AAAI Conference 2020 Conference Paper

Probing Natural Language Inference Models through Semantic Fragments

  • Kyle Richardson
  • Hai Hu
  • Lawrence Moss
  • Ashish Sabharwal

Do state-of-the-art models for language understanding already have, or can they easily learn, abilities such as boolean coordination, quantification, conditionals, comparatives, and monotonicity reasoning (i. e. , reasoning about word substitutions in sentential contexts)? While such phenomena are involved in natural language inference (NLI) and go beyond basic linguistic understanding, it is unclear the extent to which they are captured in existing NLI benchmarks and effectively learned by models. To investigate this, we propose the use of semantic fragments—systematically generated datasets that each target a different semantic phenomenon—for probing, and efficiently improving, such capabilities of linguistic models. This approach to creating challenge datasets allows direct control over the semantic diversity and complexity of the targeted linguistic phenomena, and results in a more precise characterization of a model’s linguistic behavior. Our experiments, using a library of 8 such semantic fragments, reveal two remarkable findings: (a) State-of-the-art models, including BERT, that are pre-trained on existing NLI benchmark datasets perform poorly on these new fragments, even though the phenomena probed here are central to the NLI task; (b) On the other hand, with only a few minutes of additional finetuning—with a carefully selected learning rate and a novel variation of “inoculation”—a BERT-based model can master all of these logic and monotonicity fragments while retaining its performance on established NLI benchmarks.

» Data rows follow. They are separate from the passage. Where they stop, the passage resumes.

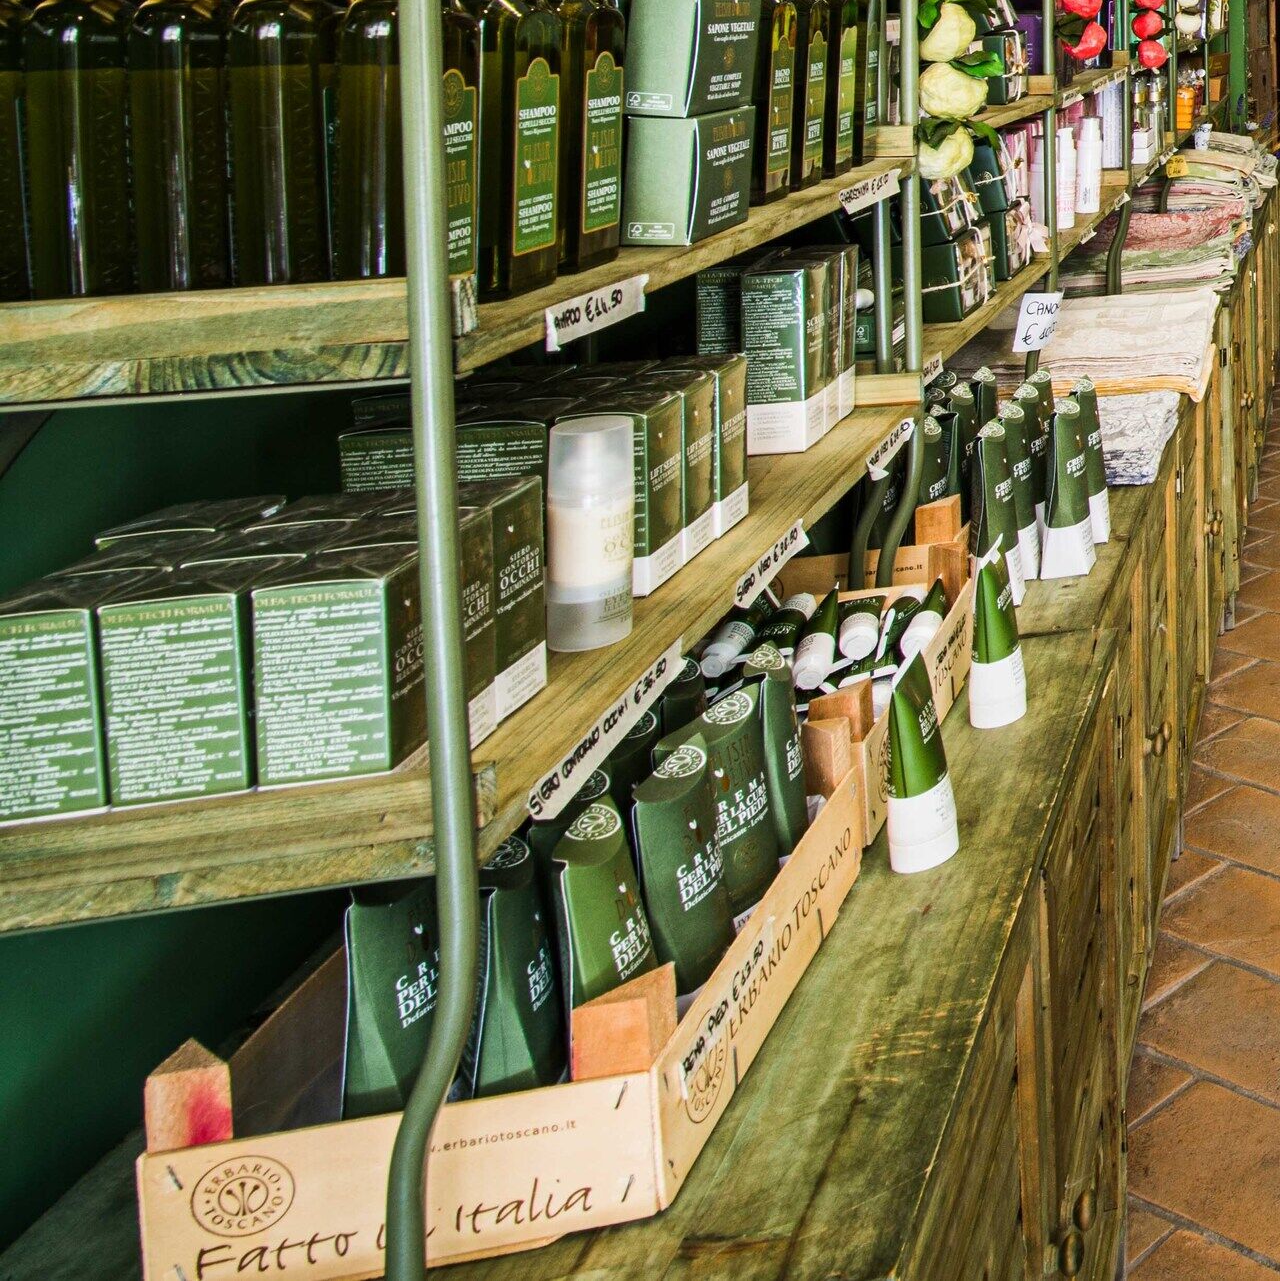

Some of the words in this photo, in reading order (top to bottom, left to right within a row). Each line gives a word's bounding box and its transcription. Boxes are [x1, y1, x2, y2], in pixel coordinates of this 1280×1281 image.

[707, 22, 729, 34] SAPONE
[730, 21, 755, 32] VEGETALE
[519, 105, 556, 120] SHAMPOO
[588, 95, 620, 108] SHAMPOO
[707, 147, 727, 160] SAPONE
[728, 139, 750, 152] VEGETALE
[588, 185, 616, 199] SHAMPOO
[519, 202, 552, 218] SHAMPOO
[554, 306, 581, 331] AMPOO
[509, 544, 531, 562] SIERO
[499, 558, 541, 589] OCCHI
[529, 772, 560, 815] SIERO
[718, 771, 765, 814] REMA
[739, 791, 768, 825] PIEDE
[679, 867, 703, 891] PER
[680, 875, 710, 903] DEL
[793, 826, 852, 931] TOSCANO
[612, 930, 636, 958] PER
[616, 943, 645, 972] DEL
[397, 973, 430, 1005] PER
[399, 984, 437, 1019] DEL
[427, 1118, 577, 1154] .erbariotoscano.it
[204, 1162, 281, 1201] ERBARIO
[204, 1193, 287, 1231] TOSCANO
[196, 1229, 350, 1281] Fatto
[455, 1177, 593, 1236] Italia
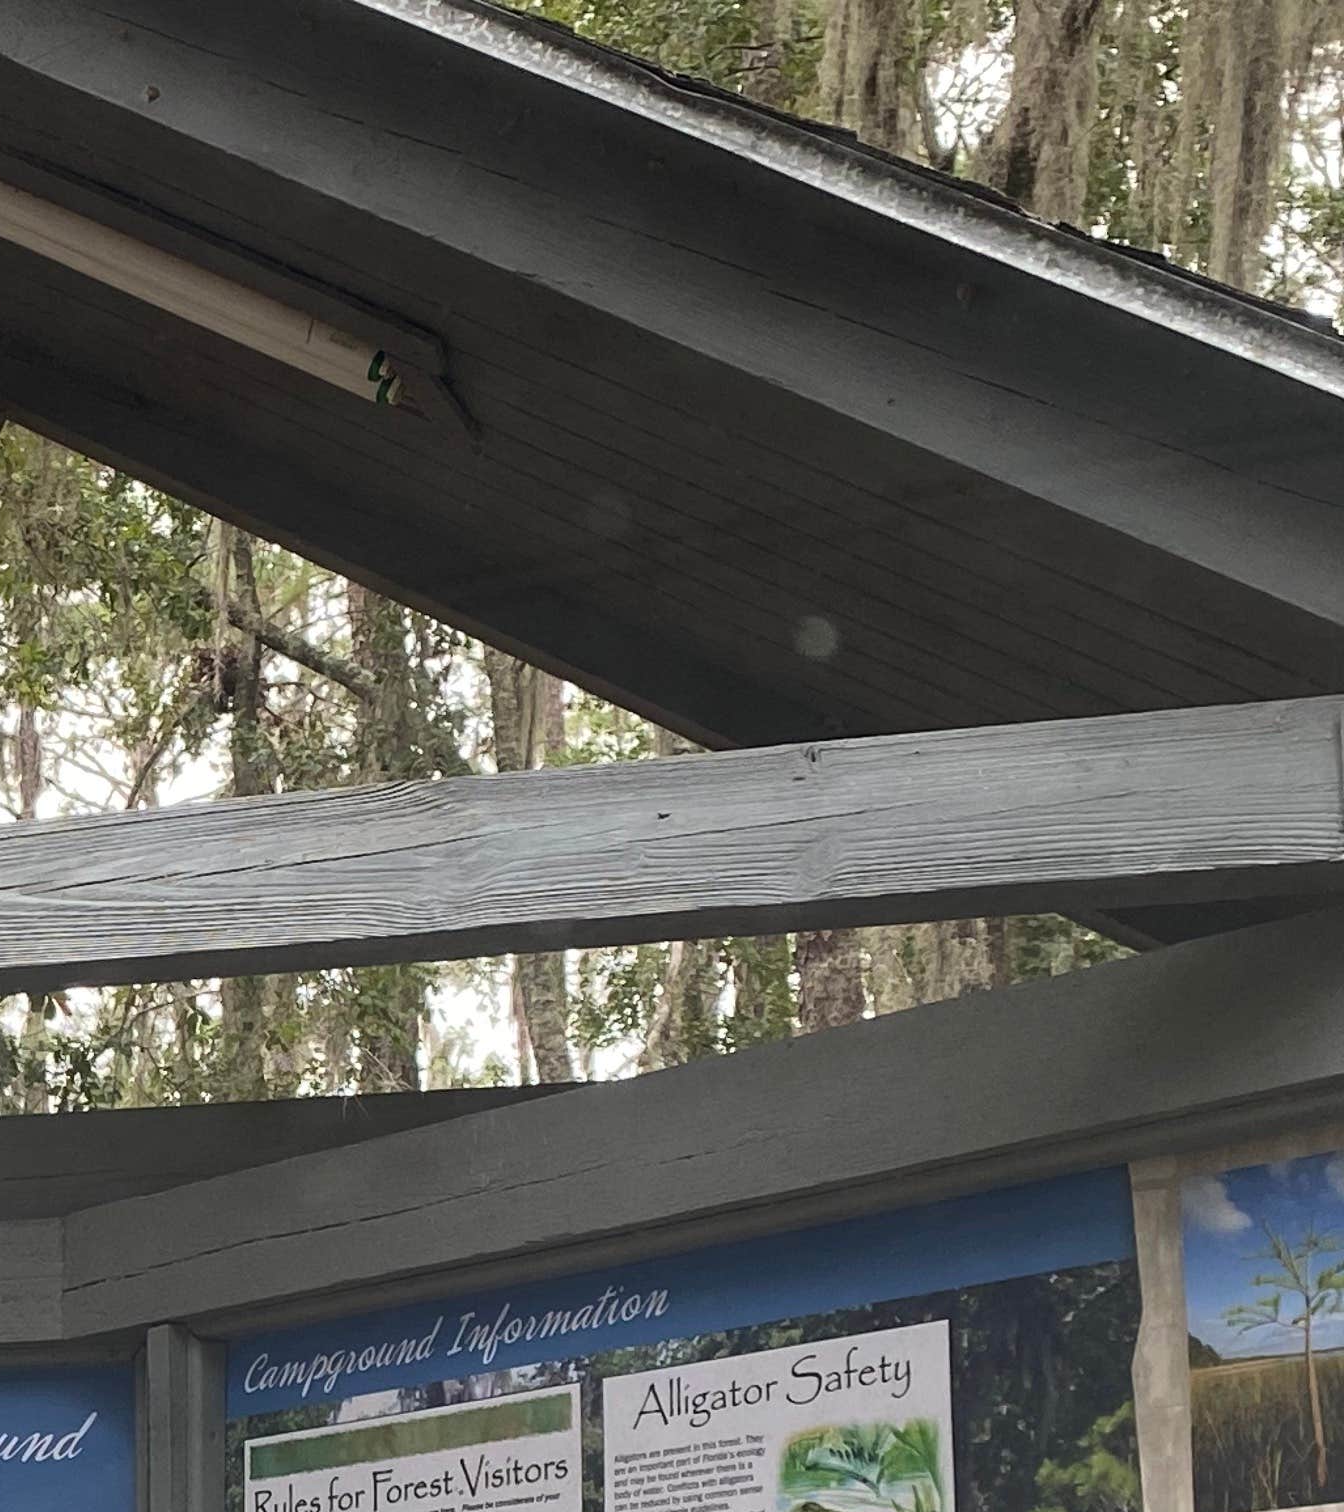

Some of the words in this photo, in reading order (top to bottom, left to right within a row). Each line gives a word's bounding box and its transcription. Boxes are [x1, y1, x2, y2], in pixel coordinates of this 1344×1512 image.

[244, 1316, 443, 1398] Campground
[447, 1285, 670, 1365] Information
[633, 1376, 777, 1430] Alligator
[786, 1347, 911, 1404] Safety
[328, 1476, 366, 1512] for
[373, 1468, 453, 1512] Forest
[460, 1455, 569, 1496] Visitors
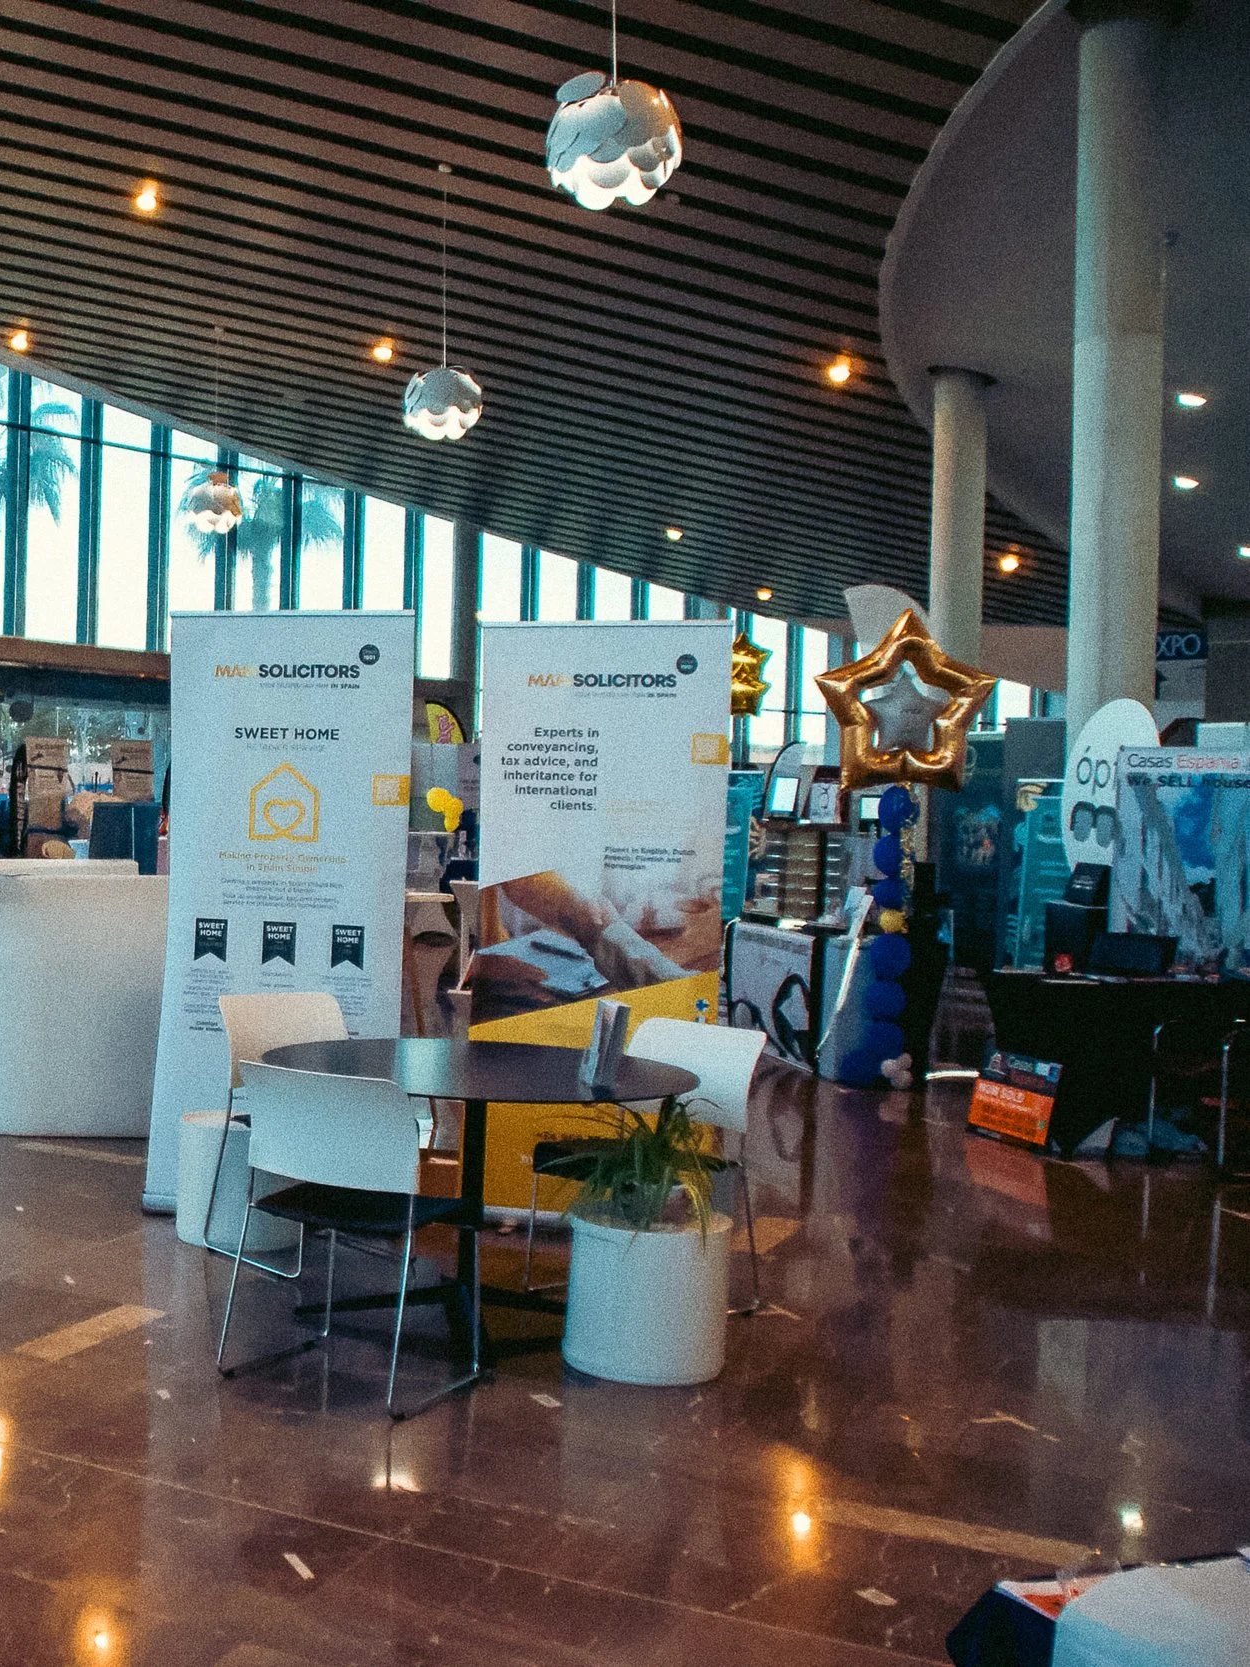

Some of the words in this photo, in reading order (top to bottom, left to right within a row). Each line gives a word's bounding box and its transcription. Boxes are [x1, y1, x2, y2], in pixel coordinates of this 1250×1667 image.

IJCAI Conference 2020 Conference Paper

Transformers as Soft Reasoners over Language

  • Peter Clark
  • Oyvind Tafjord
  • Kyle Richardson

Beginning with McCarthy's Advice Taker (1959), AI has pursued the goal of providing a system with explicit, general knowledge and having the system reason over that knowledge. However, expressing the knowledge in a formal (logical or probabilistic) representation has been a major obstacle to this research. This paper investigates a modern approach to this problem where the facts and rules are provided as natural language sentences, thus bypassing a formal representation. We train transformers to reason (or emulate reasoning) over these sentences using synthetically generated data. Our models, that we call RuleTakers, provide the first empirical demonstration that this kind of soft reasoning over language is learnable, can achieve high (99%) accuracy, and generalizes to test data requiring substantially deeper chaining than seen during training (95%+ scores). We also demonstrate that the models transfer well to two hand-authored rulebases, and to rulebases paraphrased into more natural language. These findings are significant as it suggests a new role for transformers, namely as limited "soft theorem provers" operating over explicit theories in language. This in turn suggests new possibilities for explainability, correctability, and counterfactual reasoning in question-answering.